Vortag (Do., 02.08.18), Eröffnungsfeier
Tausende von Besuchern erfreuten sich am Abend im Hafenzentrum von Aarhus an einer großartigen Eröffnungszeremonie der „Hempel Sailing World Championships 2018“. Neben Reden des Bürgermeisters und dänischen Präsidenten von World Sailing bot die Show u. a. Musikeinlagen einer Liveband sowie eine Akrobatik- und Ballettvorführung auf einem an der Hafenmauer angelegten Schiff.
Das zentrale Moment der Veranstaltung boten die Atleten bzw. aus ihren Gruppen die jeweils auserkorenen Landesflaggen-Träger der annähern 100 vertretenen Wettkampf-Nationen. In vier Gruppen aufgeteilt präsentierten sie sich einzeln auf einem Laufsteg unter anhaltendem Beifall dem Publikum.
Als Träger der deutschen Flagge wählte die Segelnationalmannschaft Philipp Buhl. Der Athletensprecher der Nationalkader räumte ein: „Es ehrt mich sehr, hier auch mein Land offen präsentieren zu dürfen. Im Leistungssport geht es nicht nur um einen selbst. Man arbeitet und kämpft auch für die eigene Nation und selbstverständlich ebenso für seine Unterstützer, Förderer und Sponsoren.“
1. Tag (Fr., 03.08.18), Opening Races 1 und 2
Sehr zufriedenstellender Beginn
Sein Start in die WM-Qualifying-Serie lässt keine Wünsche offen. Mit den sehr guten Plätzen vier und drei gelang Philipp Buhl bei zunächst leichtem und später mittelmäßiger Meerwind ein solider und von einwandfreier Leistungskonstanz gekennzeichneter Einstieg. Ziemlich schwierig sei das Beherrschen der unregelmäßig Windschwanker gewesen. Für eine Seabreeze ist dies im Allgemeinen eher untypisch, nicht aber für die Bucht von Aarhus aufgrund verschiedener ungünstiger Gegebenheiten. Unkalkulierbare Dreher zwingen schließlich zu einem gekonnten und gegenüber dem Wind sehr einfühlsamen Mix aus Taktik und Strategie.

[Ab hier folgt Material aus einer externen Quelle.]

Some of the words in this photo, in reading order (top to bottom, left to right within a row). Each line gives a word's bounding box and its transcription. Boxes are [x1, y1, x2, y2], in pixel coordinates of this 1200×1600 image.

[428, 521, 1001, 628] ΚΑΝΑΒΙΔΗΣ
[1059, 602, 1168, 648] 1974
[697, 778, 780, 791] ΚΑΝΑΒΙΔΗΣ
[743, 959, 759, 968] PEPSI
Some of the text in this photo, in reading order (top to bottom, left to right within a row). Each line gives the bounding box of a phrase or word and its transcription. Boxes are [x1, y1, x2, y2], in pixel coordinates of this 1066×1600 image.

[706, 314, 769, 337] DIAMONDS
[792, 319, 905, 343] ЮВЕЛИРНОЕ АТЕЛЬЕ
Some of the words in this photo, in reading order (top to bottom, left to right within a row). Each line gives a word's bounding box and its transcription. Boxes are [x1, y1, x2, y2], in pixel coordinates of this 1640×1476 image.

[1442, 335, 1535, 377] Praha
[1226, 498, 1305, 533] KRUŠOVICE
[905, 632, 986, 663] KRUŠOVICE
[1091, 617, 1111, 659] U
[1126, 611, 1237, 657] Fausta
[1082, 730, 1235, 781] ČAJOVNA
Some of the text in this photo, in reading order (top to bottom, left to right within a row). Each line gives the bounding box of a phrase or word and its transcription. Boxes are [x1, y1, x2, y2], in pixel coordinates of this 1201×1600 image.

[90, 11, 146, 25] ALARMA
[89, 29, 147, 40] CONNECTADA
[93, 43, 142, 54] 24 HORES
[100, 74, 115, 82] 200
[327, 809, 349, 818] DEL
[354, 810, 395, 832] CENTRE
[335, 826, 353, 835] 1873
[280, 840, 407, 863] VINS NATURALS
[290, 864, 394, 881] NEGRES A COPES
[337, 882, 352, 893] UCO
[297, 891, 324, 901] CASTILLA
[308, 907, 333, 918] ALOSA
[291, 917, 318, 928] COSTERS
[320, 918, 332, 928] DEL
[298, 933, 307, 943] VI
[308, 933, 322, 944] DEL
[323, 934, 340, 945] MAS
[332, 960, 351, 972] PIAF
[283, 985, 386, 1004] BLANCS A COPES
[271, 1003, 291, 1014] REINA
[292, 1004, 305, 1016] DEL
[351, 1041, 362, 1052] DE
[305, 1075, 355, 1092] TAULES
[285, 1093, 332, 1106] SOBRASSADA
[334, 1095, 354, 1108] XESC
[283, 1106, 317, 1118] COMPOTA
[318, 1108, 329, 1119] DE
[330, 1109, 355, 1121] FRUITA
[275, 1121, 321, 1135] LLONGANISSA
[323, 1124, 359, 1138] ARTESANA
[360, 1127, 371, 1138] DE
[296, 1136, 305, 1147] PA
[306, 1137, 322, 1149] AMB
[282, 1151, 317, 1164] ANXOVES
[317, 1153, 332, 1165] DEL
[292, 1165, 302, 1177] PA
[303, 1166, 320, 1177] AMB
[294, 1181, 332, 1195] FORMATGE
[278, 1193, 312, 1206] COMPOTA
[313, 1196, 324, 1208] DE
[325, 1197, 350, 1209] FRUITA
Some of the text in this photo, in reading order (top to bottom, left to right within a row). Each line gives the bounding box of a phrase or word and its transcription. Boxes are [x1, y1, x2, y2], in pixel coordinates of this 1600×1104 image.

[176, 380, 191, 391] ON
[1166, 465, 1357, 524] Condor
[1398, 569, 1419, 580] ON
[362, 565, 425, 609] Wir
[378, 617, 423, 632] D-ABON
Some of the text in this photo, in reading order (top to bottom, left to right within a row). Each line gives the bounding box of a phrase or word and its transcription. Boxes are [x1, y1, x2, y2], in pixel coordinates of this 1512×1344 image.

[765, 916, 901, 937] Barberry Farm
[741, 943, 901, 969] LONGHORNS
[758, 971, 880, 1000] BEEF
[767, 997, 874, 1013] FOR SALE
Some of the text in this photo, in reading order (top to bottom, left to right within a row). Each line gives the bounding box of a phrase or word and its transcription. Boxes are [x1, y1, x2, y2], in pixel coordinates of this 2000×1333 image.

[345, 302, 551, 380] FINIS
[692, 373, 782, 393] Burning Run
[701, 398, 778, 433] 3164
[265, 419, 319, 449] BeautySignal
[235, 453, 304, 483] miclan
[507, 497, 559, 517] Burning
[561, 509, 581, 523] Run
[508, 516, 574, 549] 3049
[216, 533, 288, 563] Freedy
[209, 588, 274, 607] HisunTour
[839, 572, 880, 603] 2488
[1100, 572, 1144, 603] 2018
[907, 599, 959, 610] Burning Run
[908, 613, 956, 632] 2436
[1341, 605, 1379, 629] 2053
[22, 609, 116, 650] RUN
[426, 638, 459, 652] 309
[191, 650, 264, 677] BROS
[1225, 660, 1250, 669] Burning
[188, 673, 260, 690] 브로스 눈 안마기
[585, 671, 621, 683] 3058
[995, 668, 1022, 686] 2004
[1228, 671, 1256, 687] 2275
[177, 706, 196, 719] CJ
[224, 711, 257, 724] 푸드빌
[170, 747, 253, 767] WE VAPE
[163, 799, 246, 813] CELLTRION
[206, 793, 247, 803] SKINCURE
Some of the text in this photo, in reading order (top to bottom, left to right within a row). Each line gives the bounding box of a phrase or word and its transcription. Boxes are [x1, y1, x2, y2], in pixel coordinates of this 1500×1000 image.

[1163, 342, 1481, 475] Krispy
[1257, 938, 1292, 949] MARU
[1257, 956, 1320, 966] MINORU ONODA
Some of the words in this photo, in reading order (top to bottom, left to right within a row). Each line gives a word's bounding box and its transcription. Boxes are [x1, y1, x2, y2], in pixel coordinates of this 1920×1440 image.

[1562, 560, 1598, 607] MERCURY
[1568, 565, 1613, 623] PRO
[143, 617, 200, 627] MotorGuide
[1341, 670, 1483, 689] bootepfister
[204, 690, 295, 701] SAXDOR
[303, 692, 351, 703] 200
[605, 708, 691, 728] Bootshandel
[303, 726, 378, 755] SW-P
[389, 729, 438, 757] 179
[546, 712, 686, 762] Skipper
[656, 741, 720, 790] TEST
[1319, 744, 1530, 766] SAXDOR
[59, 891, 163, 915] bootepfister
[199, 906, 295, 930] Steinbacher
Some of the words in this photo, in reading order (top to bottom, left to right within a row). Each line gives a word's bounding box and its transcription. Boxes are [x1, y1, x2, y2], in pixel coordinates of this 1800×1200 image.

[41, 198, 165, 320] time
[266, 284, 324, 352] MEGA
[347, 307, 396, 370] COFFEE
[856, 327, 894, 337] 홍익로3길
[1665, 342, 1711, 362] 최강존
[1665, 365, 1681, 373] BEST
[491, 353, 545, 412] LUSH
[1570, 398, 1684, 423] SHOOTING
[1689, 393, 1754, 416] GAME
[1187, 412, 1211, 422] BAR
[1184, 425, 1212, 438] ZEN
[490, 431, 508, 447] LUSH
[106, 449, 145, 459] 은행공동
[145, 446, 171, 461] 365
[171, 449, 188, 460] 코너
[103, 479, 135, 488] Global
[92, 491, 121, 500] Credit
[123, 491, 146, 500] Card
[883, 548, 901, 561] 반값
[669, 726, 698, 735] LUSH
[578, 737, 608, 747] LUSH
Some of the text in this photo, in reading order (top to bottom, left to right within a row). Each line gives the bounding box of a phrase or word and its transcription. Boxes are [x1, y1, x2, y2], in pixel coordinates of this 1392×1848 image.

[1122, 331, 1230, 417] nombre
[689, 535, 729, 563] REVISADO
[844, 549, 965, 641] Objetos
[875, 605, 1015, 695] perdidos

Philipp beschert seine seglerische Leistung Platz fünf im Zwischenklassement. Auch seine Kaderkollegen, Nik Aaron Willim und Theodor Bauer können mit ihren erzielten Gesamtplazierungen 29 (16. und 8. Platz) bzw. 48 (21. und 30.) durchaus zufrieden sein. Sie liegen damit in dem mächtigen und bis zum absoluten Anschlag großen Teilnehmerfeld im besten Drittel, was für die spätere Qualifizierung ins Goldfleet bedeutsam ist.
2. Tag (Sa., 04.08.18), Opening Races 3 und 4
Top-Resultat folgt auf Stolperer
Heute ging es in der Aarhus-Bucht mit nordwestlich einströmender frischer Nordseeluft zur Sache. Sie kühlte das unter unter dem andauernden Hochdruckeinfluss leidende trockene Dänemark um einige angenehme Temperaturgrade ab und ließ einer thermischen Seewind-Entwicklung keine Chance. Der mittelstarke böige Wind war durchaus okay, wenngleich sich mancher Segler die für den Abend erwartete Auffrischung wohl früher gewünscht hätte.
Auf der Startkreuz der ersten Wettfahrt haben die Segler auf der rechten Seite Kursseite - und Philipp zählt mit dazu - mit einer Windkapriole zu kämpfen. Wie vom Schicksaal auf Minuten genau abgewartet, setzt in der ungünstigsten Phase der mit Abstand stärkste Winddreher (über 30°) des Tages ein und gibt bis zur Bojenrundung im Luv partout nicht nach. Damit waren die davon negativ Betroffenen mehr oder weniger hoffnungslos vom Windeinfluss geschlagen. Philipp quert das Ziel schließlich erst an 19. Position – ein Fall für das ab drei Wettfahrten wirksame Streichergebnis.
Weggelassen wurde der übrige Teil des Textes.